There has been a lot of talk that if the hydro plant isn’t built, some outside evildoer will “take” Aspen’s water right. This assertion is simply incorrect, according to Colorado water law. Nobody can take Aspen’s water – nobody.

Yes, there is a lawsuit in the Water Court where a number of plaintiffs are claiming that the city of Aspen has abandoned its right to use water for hydropower generation. The city bought the old hydro plant in 1956 for the water rights it held, not for the power it generated.

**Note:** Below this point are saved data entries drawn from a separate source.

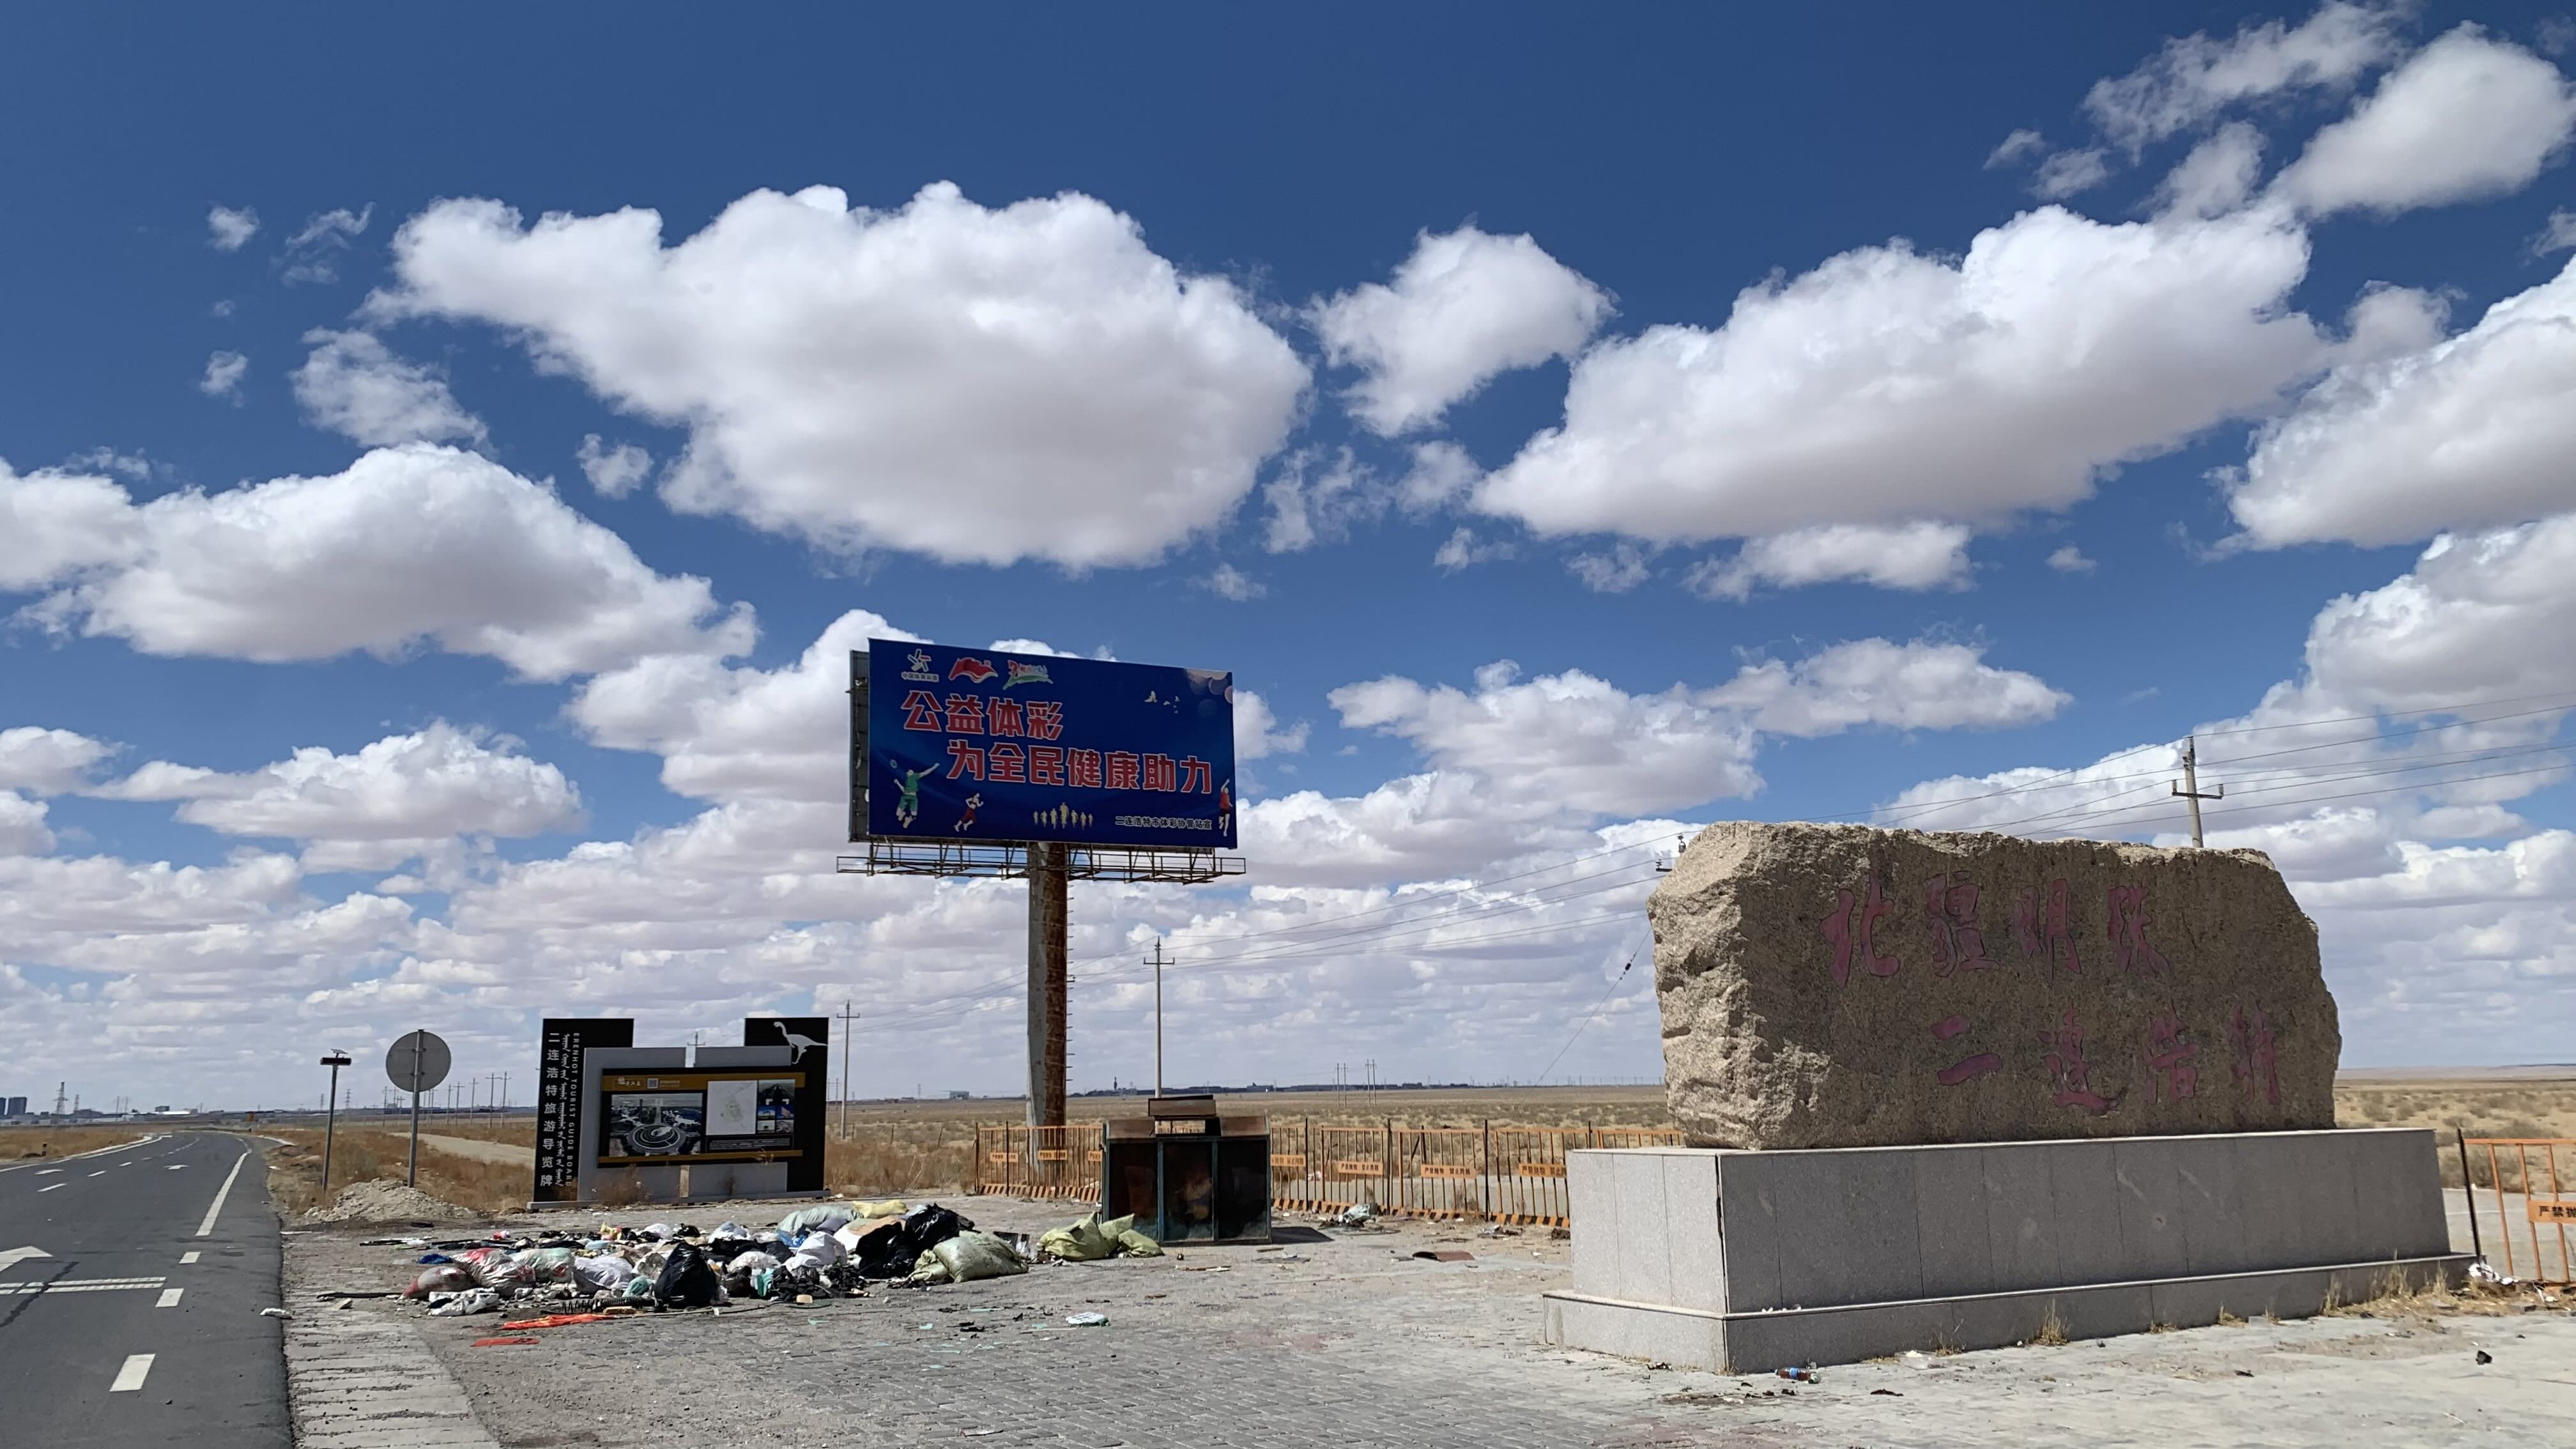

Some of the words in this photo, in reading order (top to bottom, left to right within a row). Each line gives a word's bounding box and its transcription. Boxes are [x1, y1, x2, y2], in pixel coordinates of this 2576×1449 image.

[901, 689, 1064, 741] 公益体彩
[946, 739, 1213, 794] 为全民健康助力
[571, 1032, 580, 1074] ERENHOT
[540, 1032, 560, 1186] 二连浩特旅游导览牌
[569, 1078, 578, 1117] TOURIST

In 1956, the city needed a source of dependable, clean and senior water rights for all its needs. The power plant had them. The city wouldn’t have shut down the plant two years later if all it wanted was the electricity. The city later pulled everything out, the penstocks, turbines, transmission lines – everything – and turned the building into a maintenance garage. That is the foundation of the claim that the right to use water for hydropower was abandoned.

So if these plaintiffs win, will they get to “take” Aspen’s water? Absolutely not. If the court rules that the right was abandoned, any real water associated with it will simply return to the stream, period. No one can just “take” it. Water law doesn’t allow for this. Abandoned water rights return to the stream.

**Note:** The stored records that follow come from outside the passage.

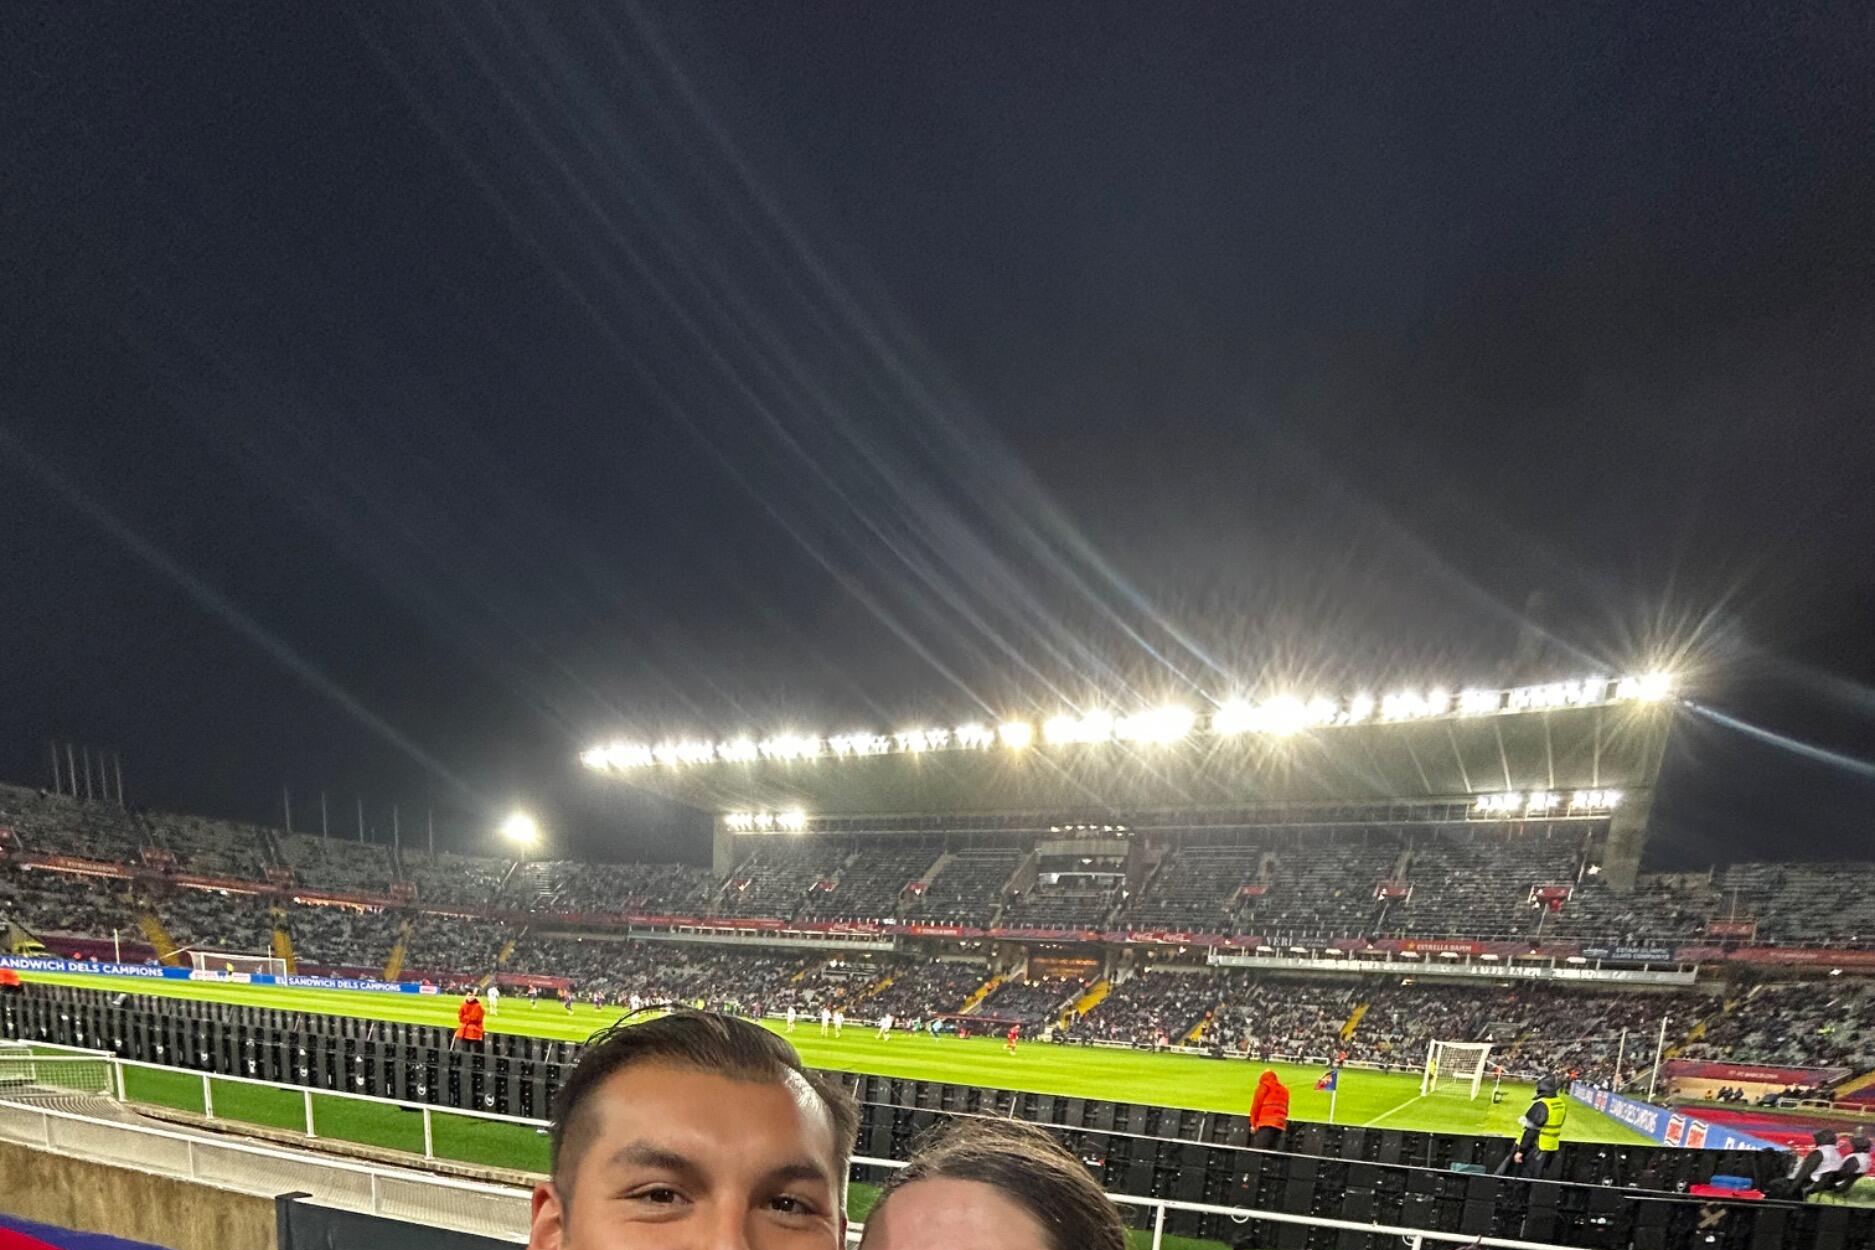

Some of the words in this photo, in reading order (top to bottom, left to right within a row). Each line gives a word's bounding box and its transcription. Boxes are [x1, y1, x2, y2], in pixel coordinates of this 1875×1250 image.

[69, 962, 99, 973] DELS
[103, 964, 163, 976] CAMPIONS
[289, 977, 336, 987] SANDWICH
[338, 979, 359, 989] DELS
[360, 981, 401, 992] CAMPIONS

But hydropower use is mostly nonconsumptive, so the chances that the city will actually lose any real water are pretty small. There isn’t any real water to lose, and the hydropower right is just one of many “beneficial” rights that the city’s decreed water is for. Win or lose, the city will retain all of its water rights for municipal, domestic, irrigation and other rights for water use. These aren’t being challenged.

There is also the absurd idea that some transmountain diversion interest could swoop in and claim that water. Again, that just won’t happen because:

1) There isn’t any real water to “take.”

2) Any new water rights filed on the streams will be hopelessly junior, even to the state’s minimum streamflow rights.

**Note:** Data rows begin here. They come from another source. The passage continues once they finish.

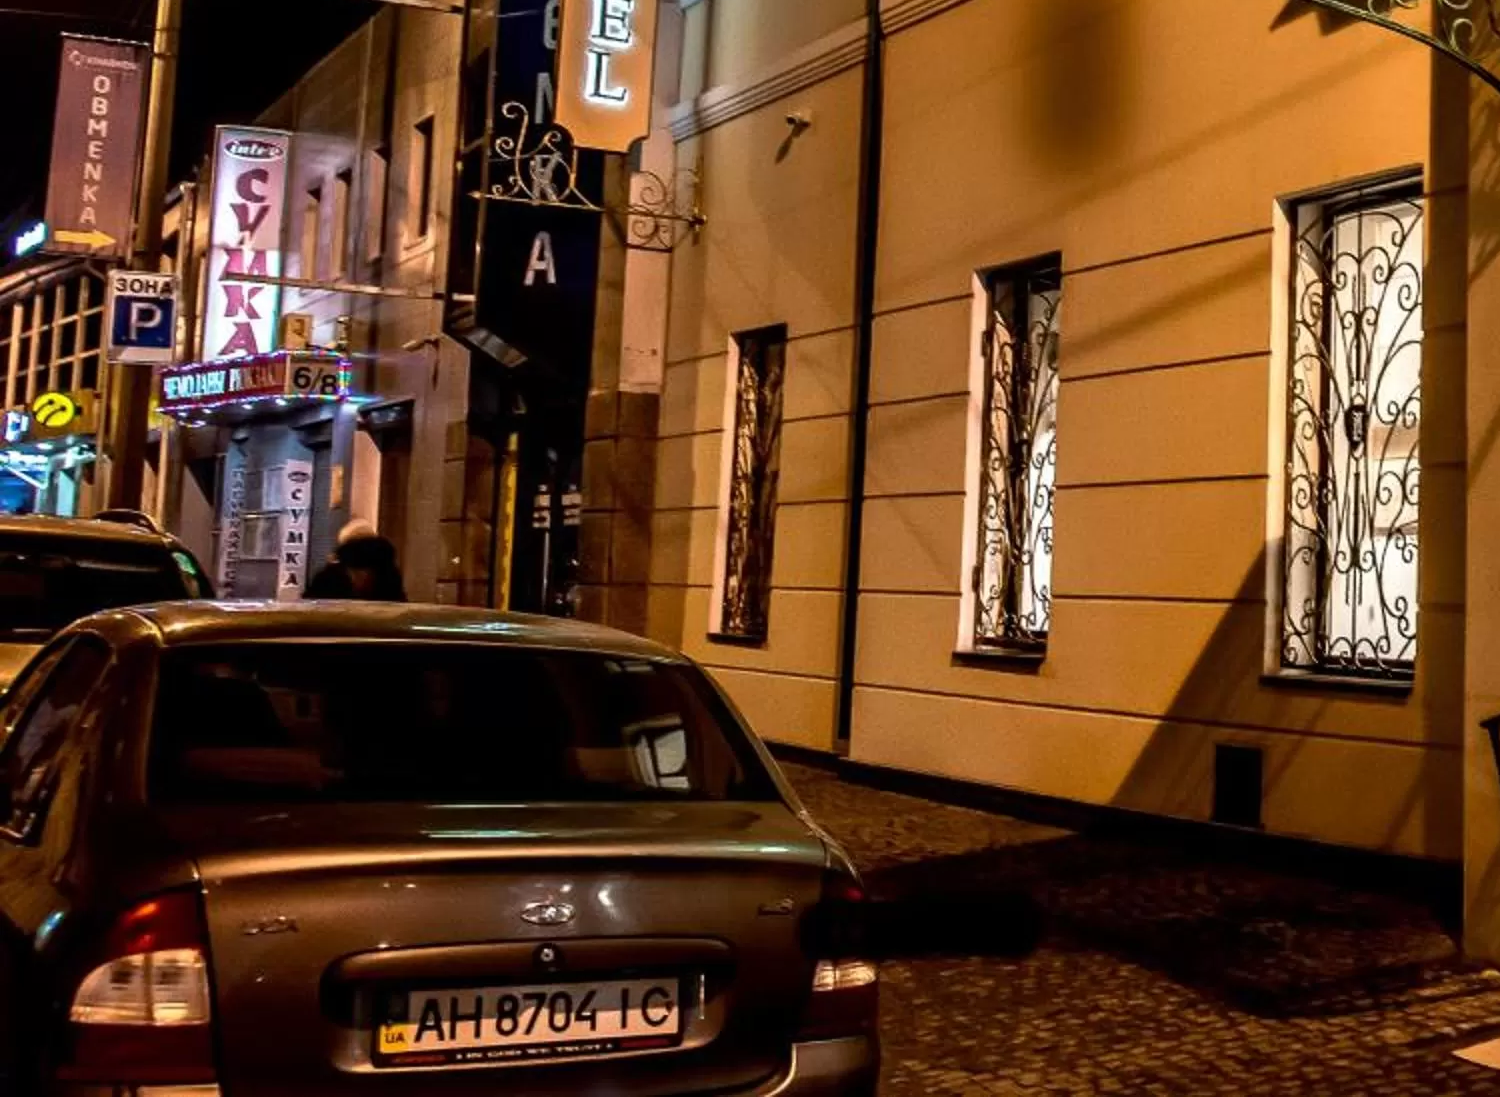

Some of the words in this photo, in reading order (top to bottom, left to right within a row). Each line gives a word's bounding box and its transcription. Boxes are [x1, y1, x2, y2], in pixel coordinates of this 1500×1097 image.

[80, 75, 111, 224] OBMENKA
[217, 168, 271, 356] СУМКА
[115, 278, 173, 295] ЗОНА
[129, 302, 162, 340] P
[293, 366, 337, 395] 6/8
[285, 488, 304, 586] СУМКА
[384, 1032, 405, 1044] UA
[414, 996, 483, 1043] AH
[495, 989, 597, 1037] 8704
[620, 986, 675, 1030] IC

3) There would be so little water, it would not be worth the cost.

4) The permitting and environmental-review process to build a new infrastructure under wilderness areas is an insurmountable hurdle. (There weren’t any wilderness areas when the current infrastructure was built.)

5) Add to this the need for a Pitkin County 1041 permit, and any thought of a new transmountain diversion evaporates.

Hunter Creek, the upper Roaring Fork and the Fryingpan, with their existing transmountain diversion infrastructure, will be the real targets. Those streams are the ones to worry about, not Castle and Maroon creeks. Any claims to the contrary are fearmongering fantasies.